I do not recall how old I was when I sat down to watch television that Sunday evening. I do remember that Dan Rather was a young reporter on the 60 Minutes team at the time, so I guess that would make it a long time ago.

I did not realized at that time that having been raised in an orphanage had taken such a toll on me mentally, until I got up from my chair and walked to the bathroom. When I returned to watch the show, I saw hundreds of baby chicks being herded through this large metal machine. There was this gigantic steel hammer that was slamming down upon them every three or four seconds squashing them to death.

I backed against the wall and I stood there in total horror. There was one black baby chick running around among the hundreds of tiny yellow chicks. The belt on the machine carried it forward toward the slamming steel crusher. Over and over, it came down smashing the little chicks to death as though their lives were nothing at all.

The little black chick was carried beneath the giant steel ball by the escalating belt and as the crusher slammed down on the other little chicks, he just walked out from under the steel bar, being missed by only half an inch or so.
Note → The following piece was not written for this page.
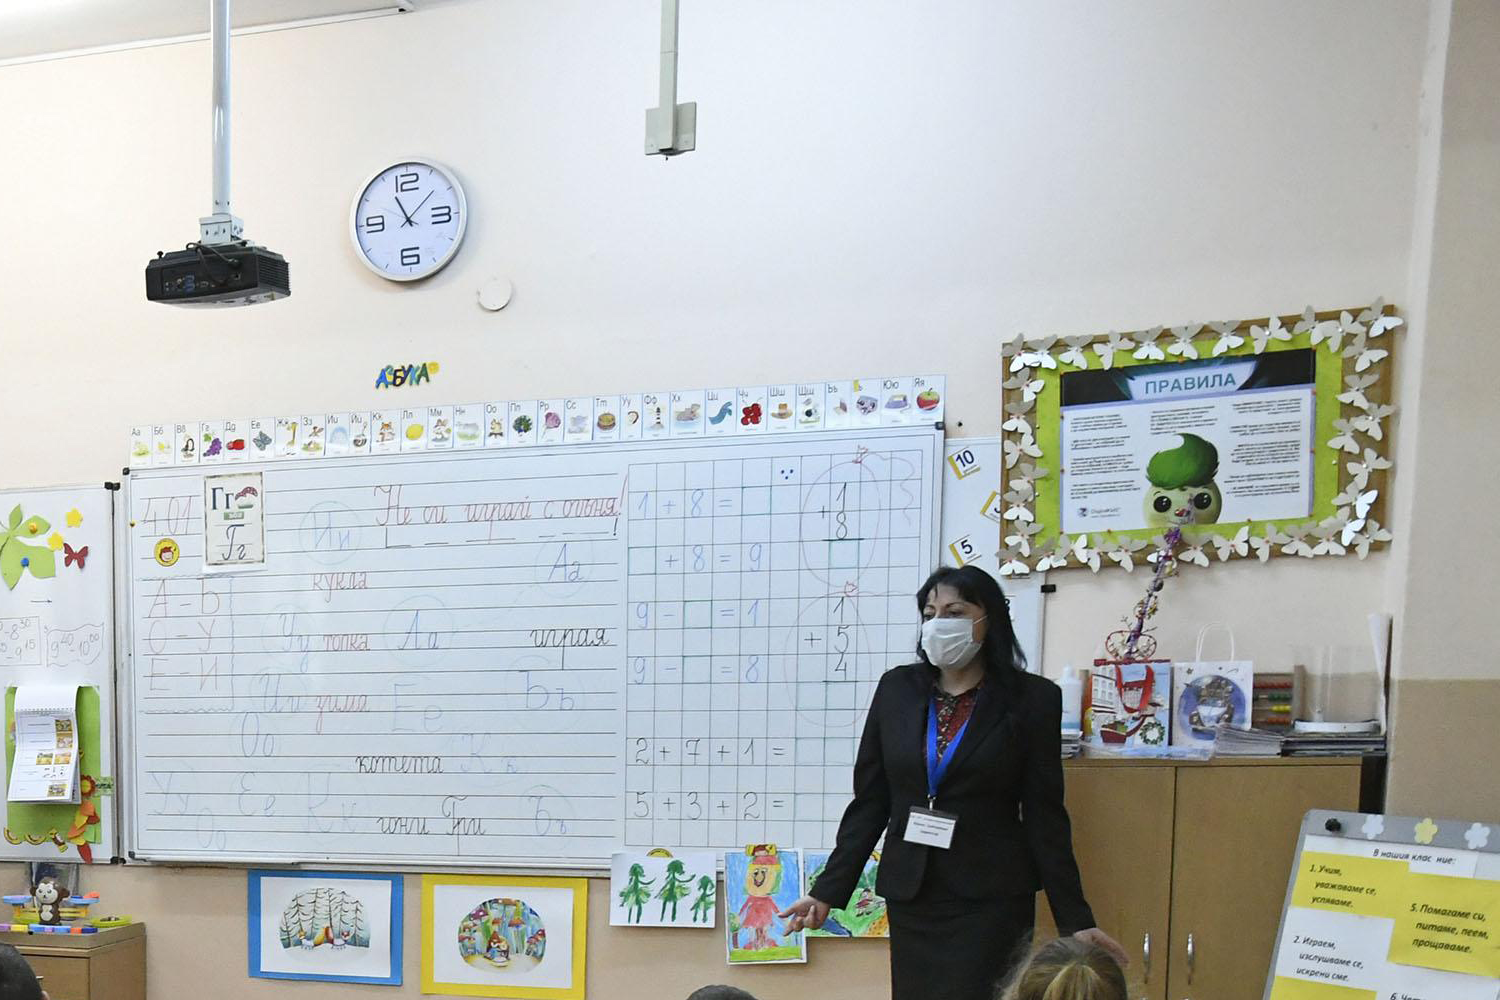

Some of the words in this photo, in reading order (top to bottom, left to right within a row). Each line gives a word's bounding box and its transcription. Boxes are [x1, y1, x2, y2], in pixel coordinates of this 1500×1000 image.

Over and over, it carried the little chick beneath the deadly machine. I could not move at all, as I was petrified. My heart was pounding so hard in my chest that it starting hurting me. I grabbed my chest, slid down the wall to the floor, turned my head away from the television and covered my ears with my hands to stop the sound.

I cried for more than an hour before I could get up off the floor. All I could see inside my head was all we little orphans all in a line marching to eat breakfast at the Children's Home Society in Jacksonville, Florida. That crusher trying to smash us to death a few at a time as though our lives were nothing at all, just like those baby chicks.

We orphans had always been told that we were worthless kids and that no body wanted us. I knew inside my head that this was probably true. But I just chose not to think about it any more once I grew up. But I had never seen what ‘being worthless’ really looked like with my own eyes, until that evening - until the very instant I saw those innocent baby chicks being smashed to death for no reason at all - just because nobody really cared about them either.